Per portare a termine il progetto ci vollero ben 17 anni. L’artista venne aiutata non solo da un team di operai specializzati, ma anche da alcune figure di spicco dell’arte contemporanea.

Il percorso di visita del Giardino dei Tarocchi

Qual era il tuo sogno d’infanzia? Quello della scultrice era proprio quello di creare un percorso surreale, un mondo composto da citazioni, pensieri e messaggi. Tutti questi elementi accompagnano il visitatore durante il cammino nell’enigmatico giardino.

Il padiglione d’ingresso è stato realizzato da Mario Botta. È composto da un lungo muro in tufo e da un’apertura circolare posta al centro. Potrebbe simboleggiare il passaggio dal mondo reale a quello da sogno del Giardino?

Al visitatore viene anche offerta la possibilità di prendersi una pausa. È possibile rilassarsi su una delle sinuose panchine di Pierre Marie Le Jeune, ammirando l’esplosione di colore e fantasia dei mosaici e delle ceramiche.

Una volta varcata la soglia d’ingresso, si raggiungere una grande piazza centrale dove campeggiano una vasca e le figure unite della Papessa e del Mago. Sono i primi Arcani Maggiori dei Tarocchi che si incontrano nel percorso.
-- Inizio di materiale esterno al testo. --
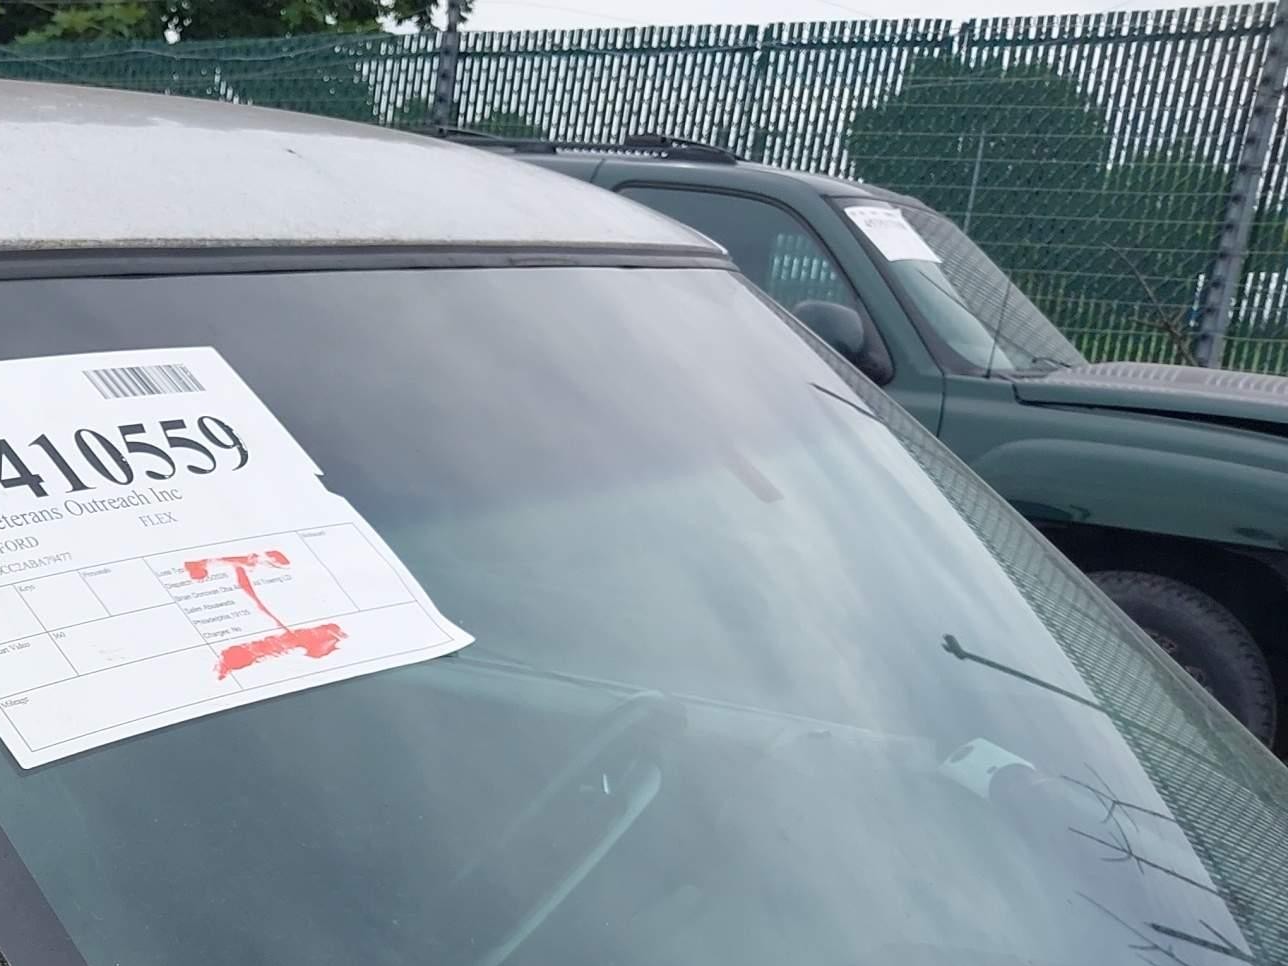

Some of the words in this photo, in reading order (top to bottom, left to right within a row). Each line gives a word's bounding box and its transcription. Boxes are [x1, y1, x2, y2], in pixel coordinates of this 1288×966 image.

[64, 489, 152, 517] Outreach
[152, 486, 183, 503] Inc
[138, 511, 178, 528] FLEX
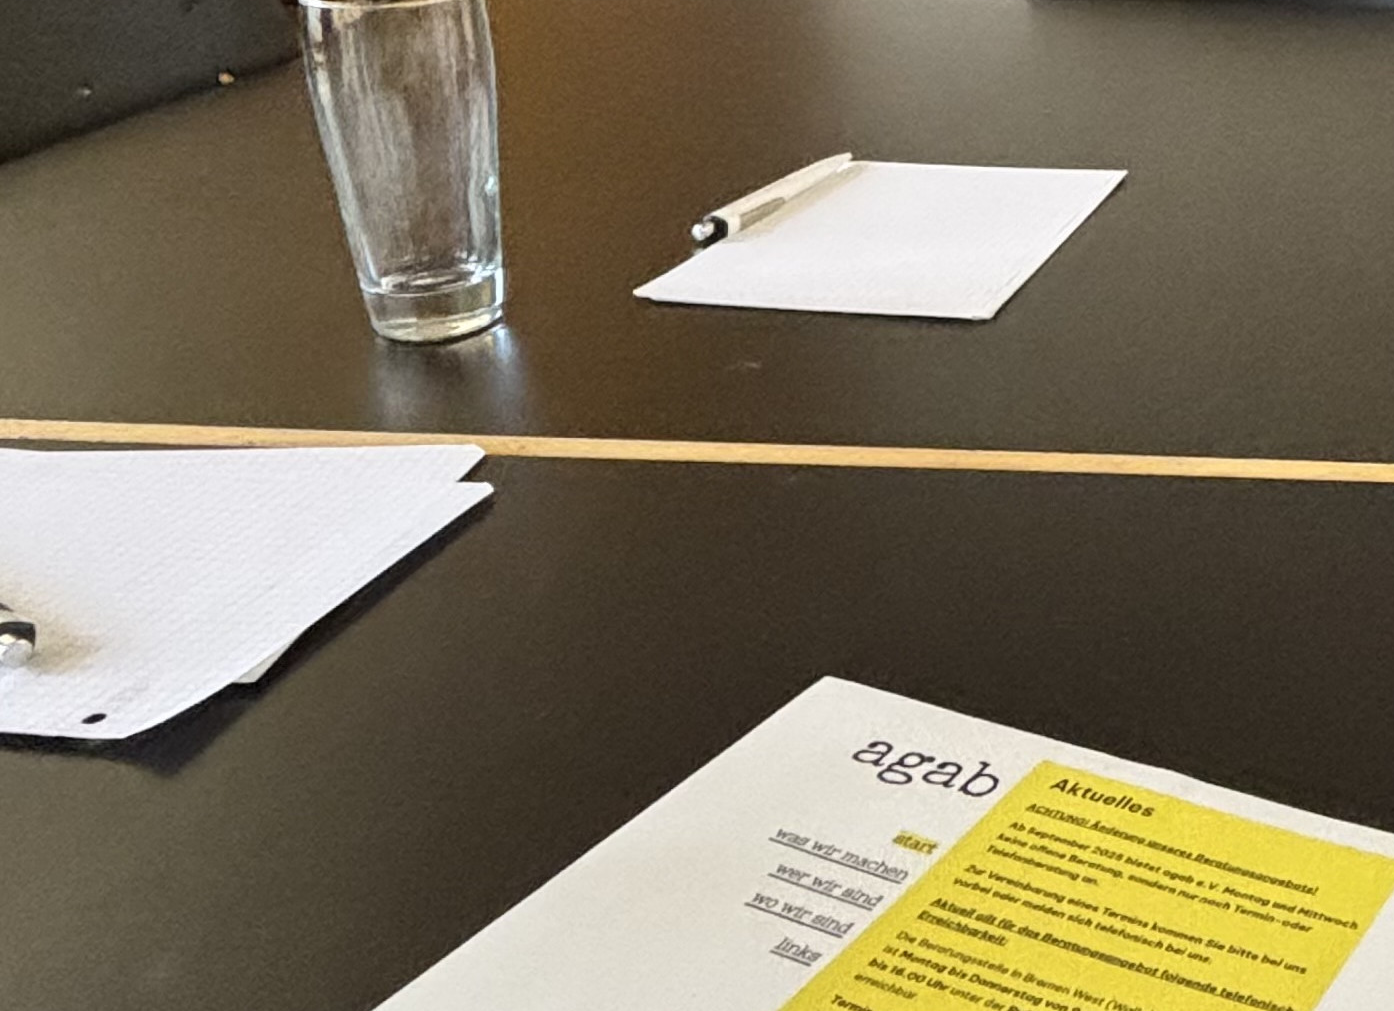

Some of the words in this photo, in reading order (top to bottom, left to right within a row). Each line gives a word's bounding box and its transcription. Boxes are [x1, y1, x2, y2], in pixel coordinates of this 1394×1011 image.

In particolare, la scultura della Papessa, con la sua enorme bocca spalancata, richiama senza dubbio quella dell’Orco presente nel Parco dei Mostri di Bomarzo.

Anche il marito di Niki de Saint Phalle, Jean Tinguely, ha partecipato al progetto. Ha realizzato la scultura meccanica semovente che si trova al centro della vasca denominata la Ruota della Fortuna. Le altre figure più affascinanti sono:

  • l’Albero della Vita, con teste di serpente al posto dei rami
  • il Sole, simboleggiato da un grande uccello di fuoco variopinto
  • la Morte, la Temperanza e gli Innamorati, che arrivano direttamente da Parigi

Una menzione particolare va fatta all’Imperatrice. Si tratta di un’altra gigantesca statua nel quale è possibile entrare. La scultrice ha addirittura abitato al suo interno nei periodi in cui fervevano i lavori!

Il Giardino dei Tarocchi: un’esperienza di evasione dalla realtà

Una continua sorpresa, una perfetta convivenza tra natura, arte e spiritualità. Un luogo adatto a chi ama le opere di Gaudì, ma anche a quanti cercano un’idea originale per trascorrere un giorno diverso.

Un’occasione per ricordarci che, anche una volta adulti, è possibile credere nei sogni e non smettere di farlo.